ABOUT THIS EXERCISE
Pictures are to be left out, but please repeat each record exactly.

[Spatial localization data]
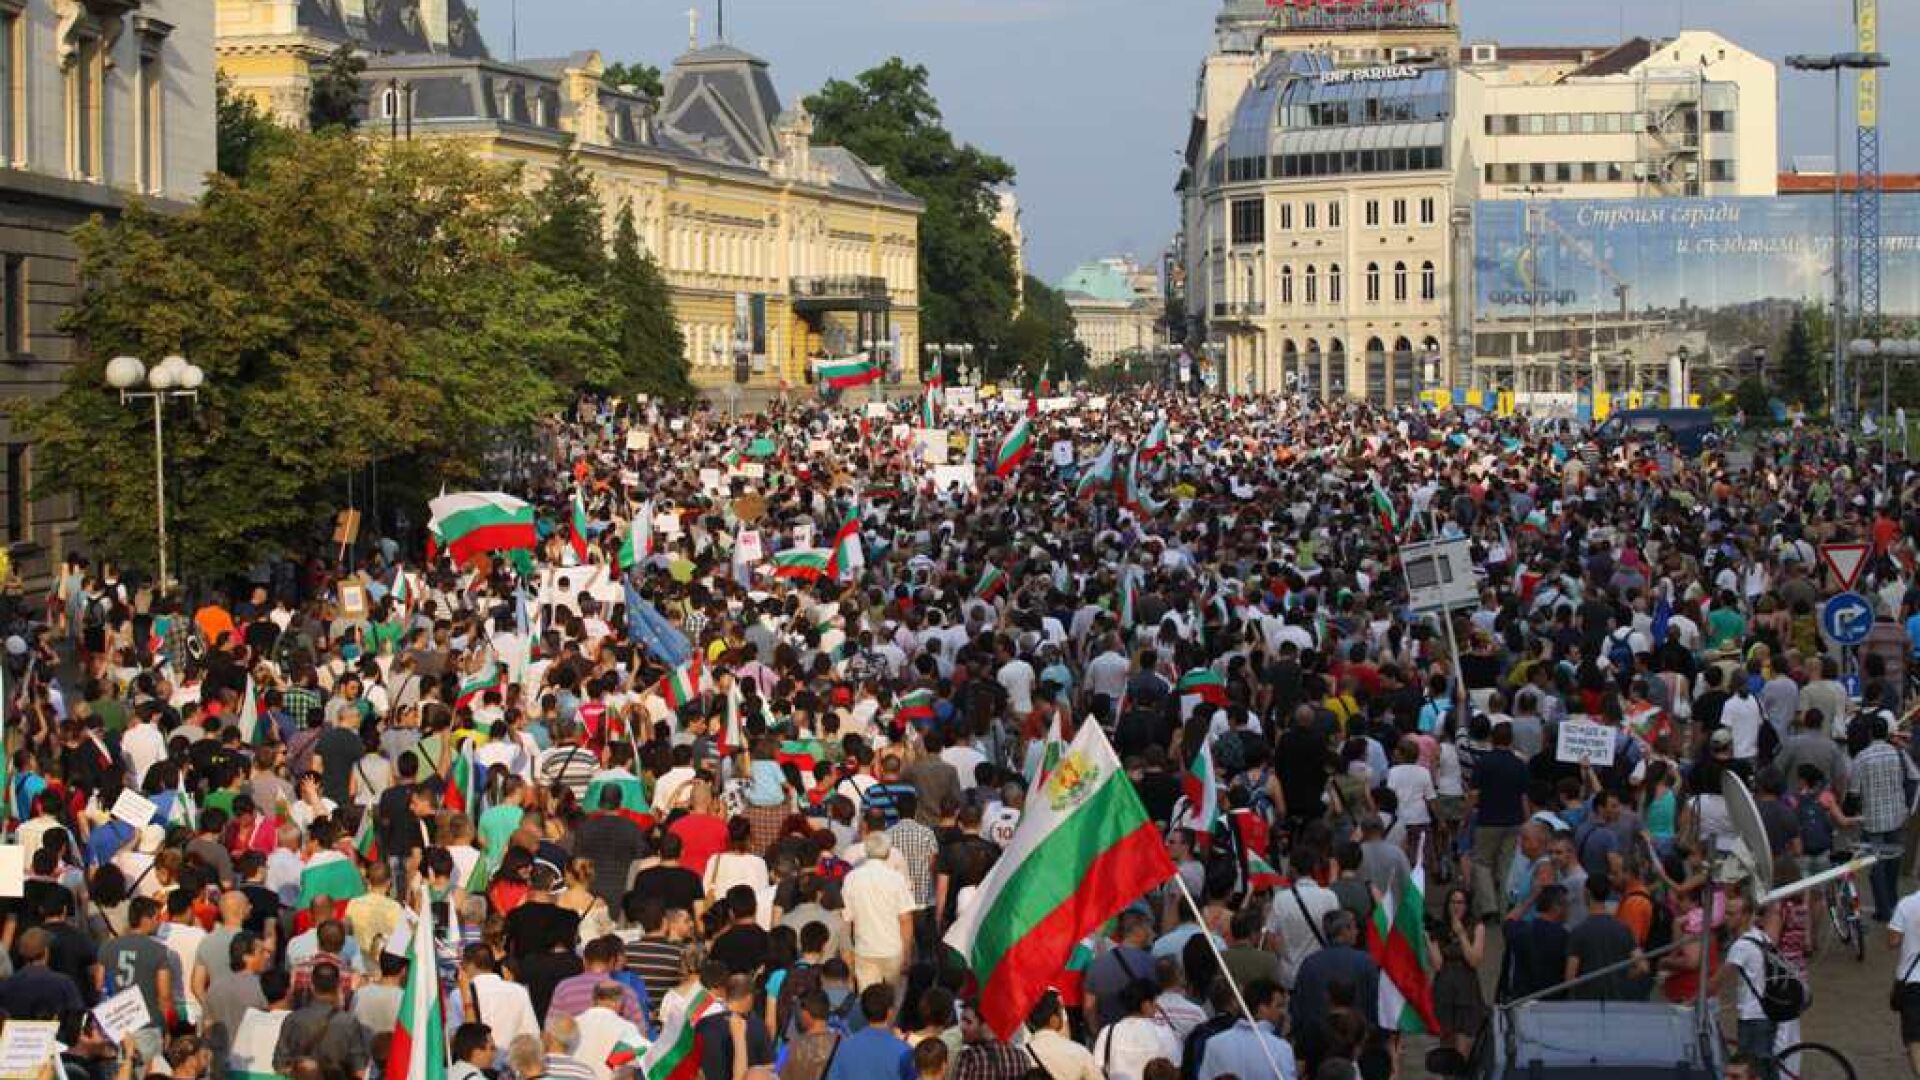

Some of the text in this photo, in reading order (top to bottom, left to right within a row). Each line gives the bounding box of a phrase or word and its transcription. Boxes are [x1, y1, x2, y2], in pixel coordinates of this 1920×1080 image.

[1353, 65, 1419, 81] PARIBAS
[1576, 203, 1665, 231] Строим
[996, 826, 1014, 840] 10
[117, 949, 137, 987] 5
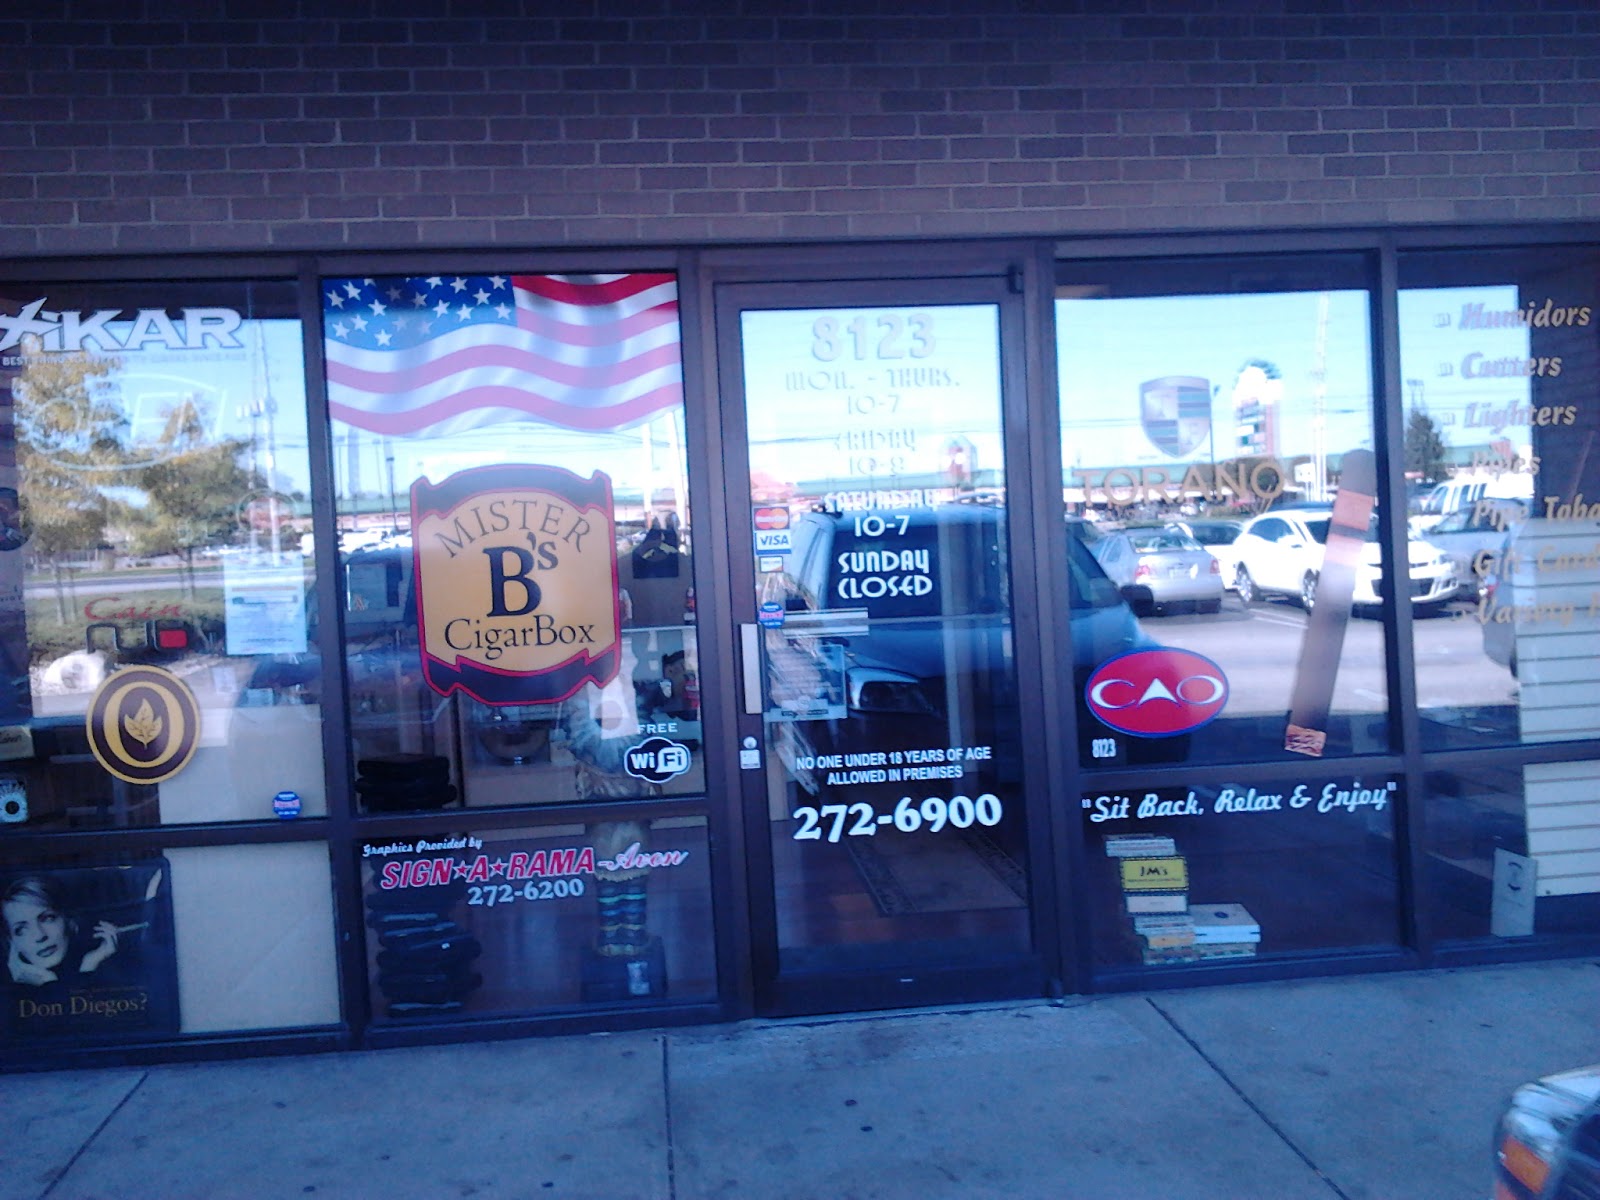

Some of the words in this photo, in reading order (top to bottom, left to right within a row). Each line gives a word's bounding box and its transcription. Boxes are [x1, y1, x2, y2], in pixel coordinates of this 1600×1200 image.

[1458, 298, 1593, 331] Humidors
[811, 313, 935, 362] 8123
[1460, 351, 1563, 379] Cutters
[847, 395, 900, 415] 10-7
[1464, 397, 1577, 435] Lighters
[1072, 461, 1285, 509] TORANO
[434, 499, 591, 558] MISTER
[854, 515, 911, 537] 10-7
[760, 535, 790, 546] VISA
[837, 549, 930, 574] SUNDAY
[837, 574, 933, 599] CLOSED
[1091, 675, 1225, 709] CAO
[638, 722, 678, 733] FREE
[796, 757, 815, 770] NO
[817, 755, 843, 769] ONE
[845, 752, 888, 767] UNDER
[889, 751, 903, 765] 18
[904, 749, 945, 764] YEARS
[946, 748, 963, 761] OF
[964, 746, 992, 760] AGE
[827, 770, 887, 785] ALLOWED
[888, 769, 902, 782] IN
[903, 765, 964, 780] PREMISES
[1214, 788, 1282, 814] Relax
[1290, 785, 1311, 808] &
[792, 794, 1002, 843] 272-6900
[362, 842, 414, 858] Graphics
[416, 838, 468, 854] Provided
[468, 837, 482, 850] by
[467, 878, 585, 907] 272-6200
[19, 998, 62, 1018] Don
[70, 993, 148, 1016] Diegos?
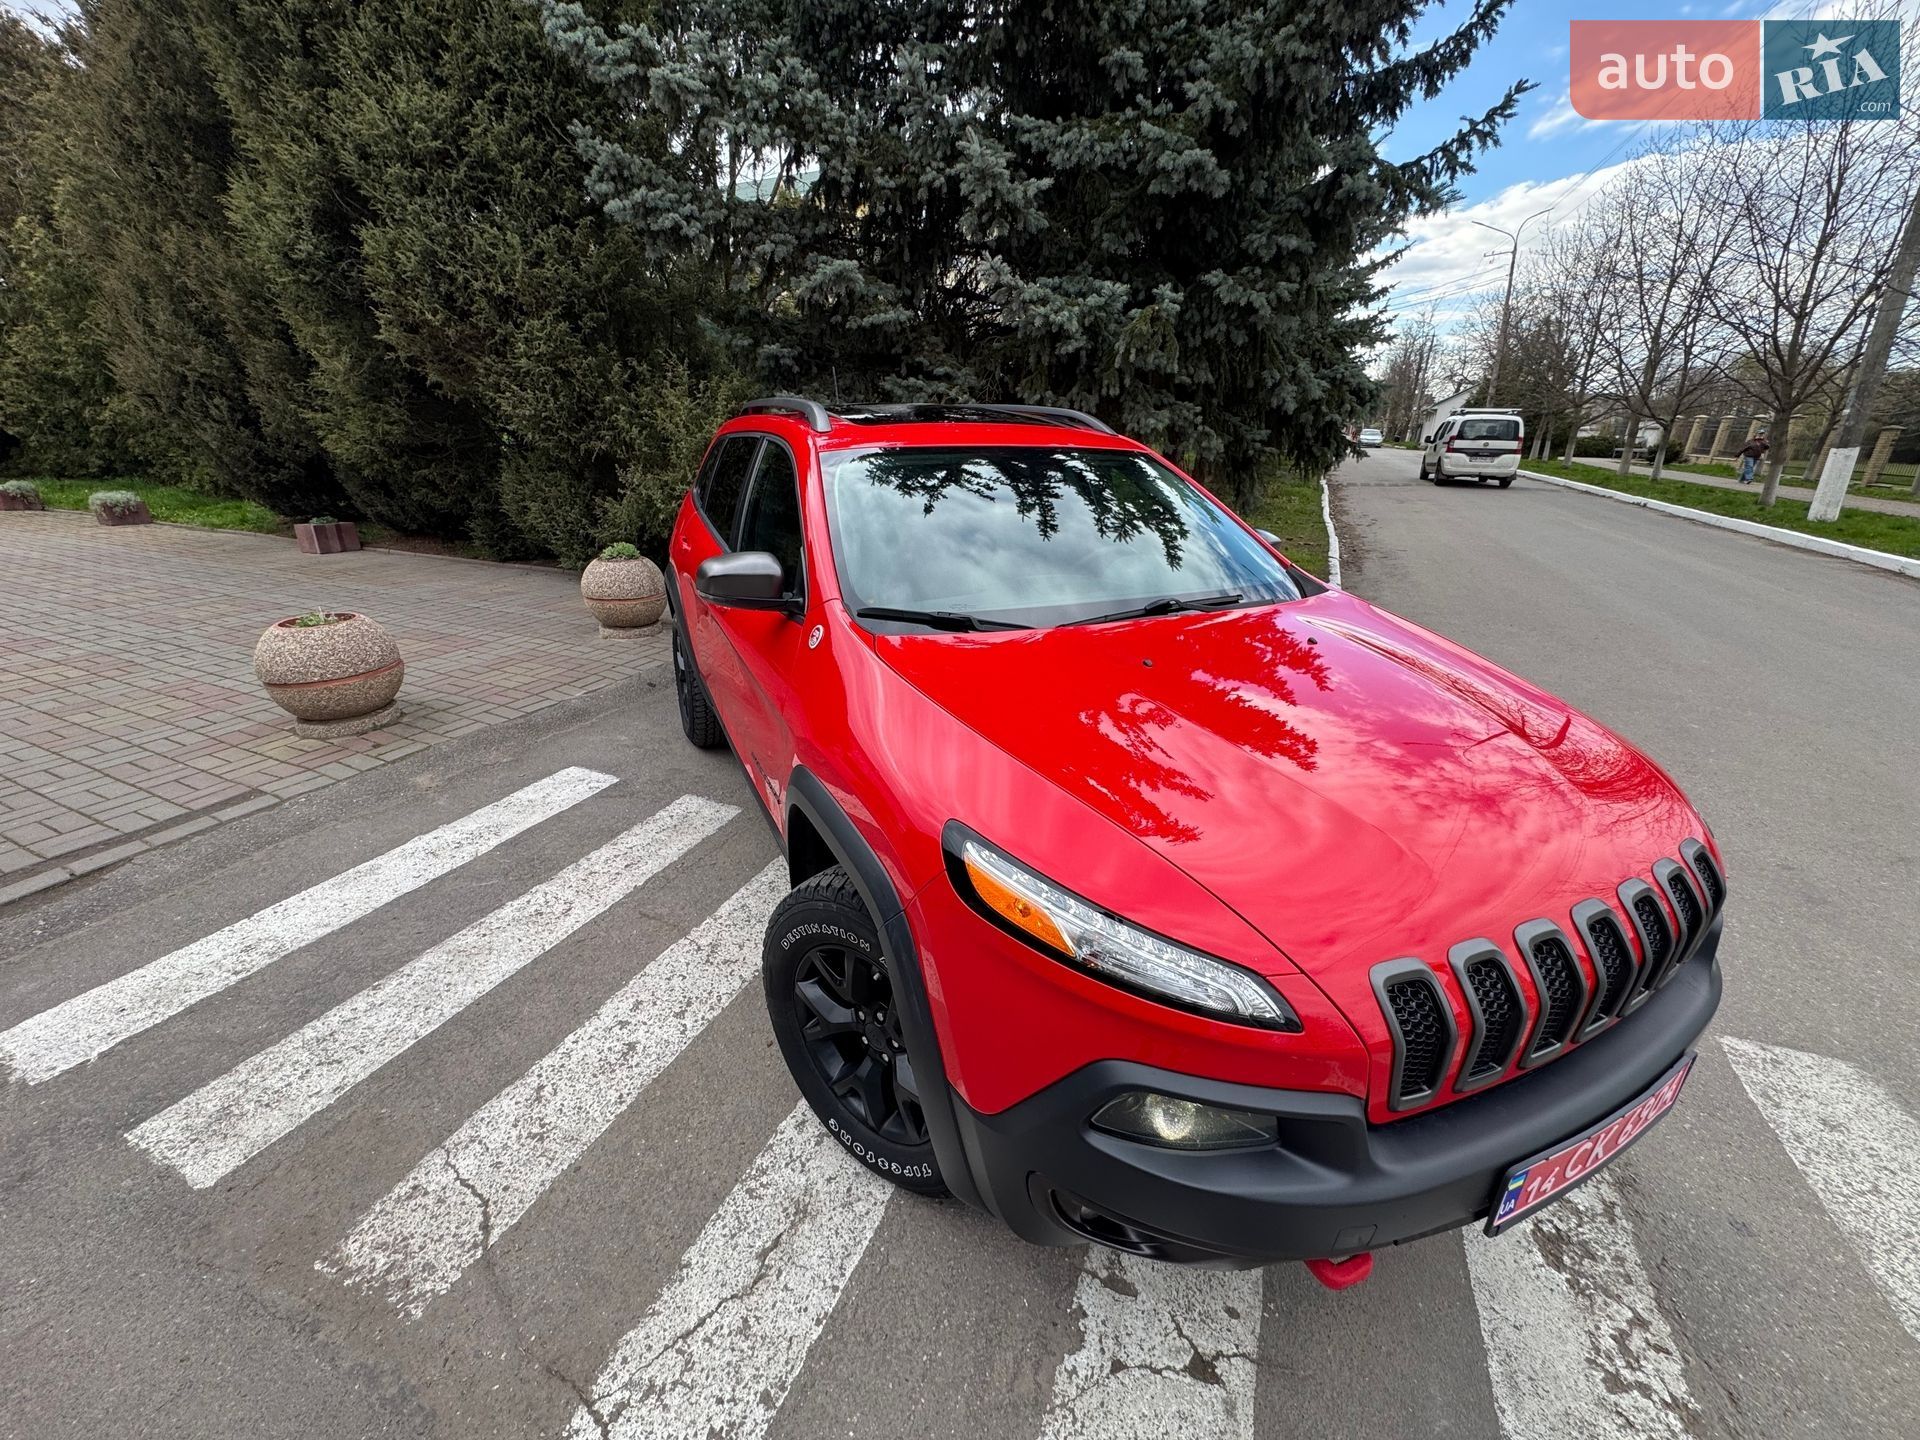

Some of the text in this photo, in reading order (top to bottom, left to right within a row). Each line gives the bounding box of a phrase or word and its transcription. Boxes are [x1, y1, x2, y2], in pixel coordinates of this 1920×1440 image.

WRITTEN REPLY
Some of the text in this photo, in reading order (top to bottom, left to right within a row). Each line gives the bounding box of a phrase or word and its transcription. Boxes are [x1, y1, x2, y2], in pixel coordinates of this 1920×1080 image.

[1353, 65, 1419, 81] PARIBAS
[1576, 203, 1665, 231] Строим
[996, 826, 1014, 840] 10
[117, 949, 137, 987] 5

Some of the words in this photo, in reading order (top to bottom, left to right within a row). Each line gives a word's bounding box and its transcription. Boxes are [x1, y1, x2, y2], in pixel coordinates of this 1600×1200 image.

[1458, 298, 1593, 331] Humidors
[811, 313, 935, 362] 8123
[1460, 351, 1563, 379] Cutters
[847, 395, 900, 415] 10-7
[1464, 397, 1577, 435] Lighters
[1072, 461, 1285, 509] TORANO
[434, 499, 591, 558] MISTER
[854, 515, 911, 537] 10-7
[760, 535, 790, 546] VISA
[837, 549, 930, 574] SUNDAY
[837, 574, 933, 599] CLOSED
[1091, 675, 1225, 709] CAO
[638, 722, 678, 733] FREE
[796, 757, 815, 770] NO
[817, 755, 843, 769] ONE
[845, 752, 888, 767] UNDER
[889, 751, 903, 765] 18
[904, 749, 945, 764] YEARS
[946, 748, 963, 761] OF
[964, 746, 992, 760] AGE
[827, 770, 887, 785] ALLOWED
[888, 769, 902, 782] IN
[903, 765, 964, 780] PREMISES
[1214, 788, 1282, 814] Relax
[1290, 785, 1311, 808] &
[792, 794, 1002, 843] 272-6900
[362, 842, 414, 858] Graphics
[416, 838, 468, 854] Provided
[468, 837, 482, 850] by
[467, 878, 585, 907] 272-6200
[19, 998, 62, 1018] Don
[70, 993, 148, 1016] Diegos?

Some of the text in this photo, in reading order (top to bottom, left to right within a row). Each line gives the bounding box of a phrase or word and its transcription. Boxes are [x1, y1, x2, y2], in pixel coordinates of this 1920×1440 image.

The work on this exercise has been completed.